Medicare’s other trust fund — Hospital Insurance, or HI — is financed primarily with payroll taxes, like Social Security. But even HI discipline is compromised by general revenue. In 1997, as the HI fund faced insolvency, President Clinton proposed, and Congress accepted, a major shift in funding of home health costs out of HI and into the SMI trust fund. The shift made HI look much more solvent, as home health costs were one of the fasting growing segments of Medicare spending. Of course, the shift did not alter Medicare spending at all; it only moved the burden from payroll taxpayers to “general revenue” taxpayers, whoever they are.
It is often said that politicians will not act on difficult entitlement reform until there is a crisis. But, with Medicare’s dysfunctional trust funds, what will trigger such a crisis? As matters stand, more than half of the program — for drug, physician, and other SMI spending — is permanently solvent, by definition.
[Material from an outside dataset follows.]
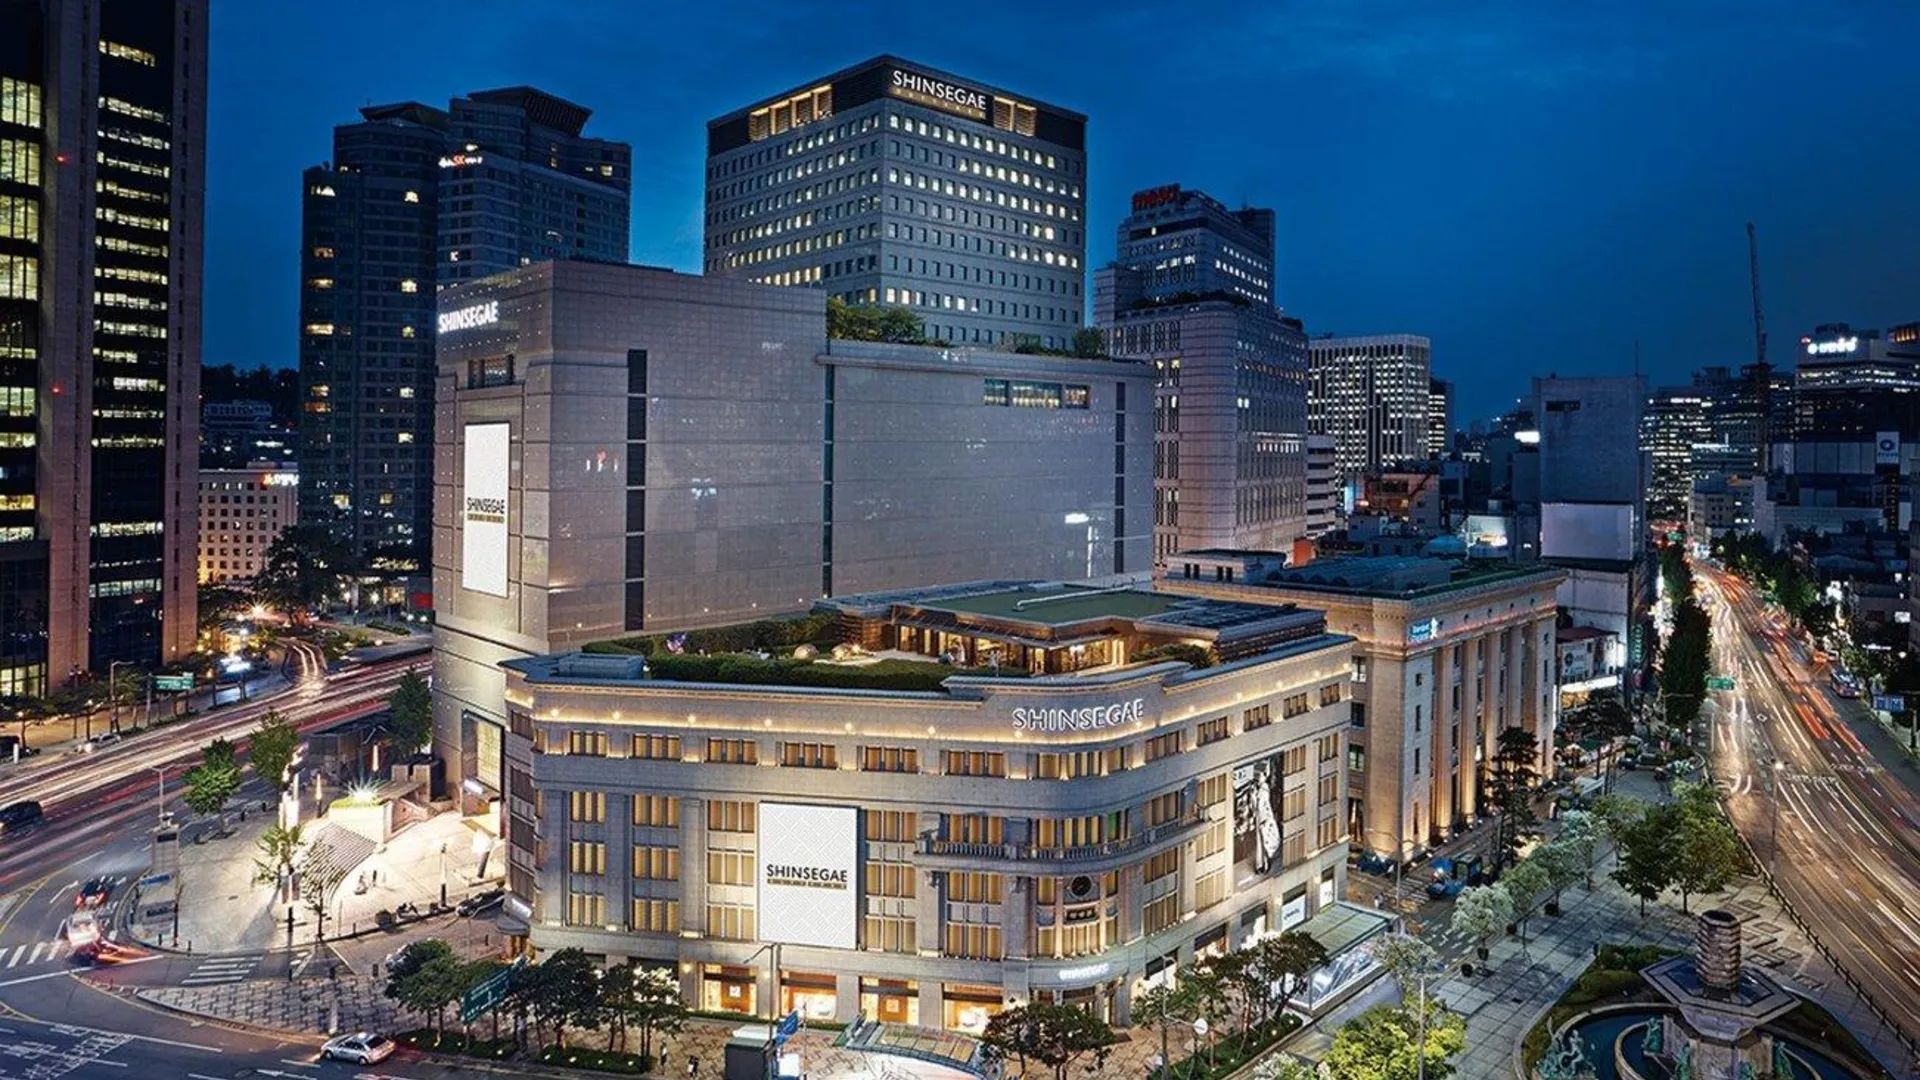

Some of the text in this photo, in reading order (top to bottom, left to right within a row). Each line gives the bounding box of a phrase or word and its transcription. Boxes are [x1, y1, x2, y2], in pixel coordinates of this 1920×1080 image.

And, as the HI fund heads toward insolvency, now projected to occur in 2019, there is nothing to stop Congress from again using a gimmick like the home health shift to avoid painful reforms.
In a commendable attempt to force political leaders to take up serious Medicare legislation, the 2003 drug law established a new, theoretical ceiling on general revenue at 45 percent of Medicare’s total costs. If the trustees determine in two successive reports that the 45 percent ceiling will be breached within seven years, then the president must send legislation to Congress erasing the overage. The 2007 report made the second such determination, triggering the requirement for presidential proposals next February. Some procedural steps were also put in place to permit streamlined consideration in Congress, but that’s as far as the law went. If Congress decides to do nothing, there will be no consequences for any beneficiaries or taxpayers. It is not difficult to predict what is likely to come of this process — not much.
Fixing Medicare’s trust funds will not be easy. One approach — floated during the 2003 drug benefit debate — would consolidate the program into a single trust fund and limit general revenue to a fixed contribution tied to economic growth. Over time, if program costs grew faster than the economy, the new trust fund would head toward bankruptcy, perhaps rapidly. Of course, it would be difficult to fully prevent a future Congress from undoing this discipline, but it would be better than current law. Another approach would be to dedicate some existing tax to pay for Medicare and eliminate general revenue financing entirely. Such a switch would certainly make the trust funds real, but finding a suitable, existing tax source is a challenge.
Medicare-spending growth is the most significant long-term threat to a philosophy of low tax rates and limited government. Already, Medicare costs have risen from about 1.0 percent of GDP in 1975 to 3.1 percent in 2006. By 2030, spending on Medicare is expected to reach 6.5 percent of GDP. To become sustainable, Medicare needs an extreme makeover. But, unfortunately, reform of the program may need to follow a necessary first step, which is to fix the trust funds so that they conform to the commonsense reality of limited resources.
— James C. Capretta, a fellow at the Ethics and Public Policy Center, was an associate director at the Office of Management and Budget from 2001 to 2004.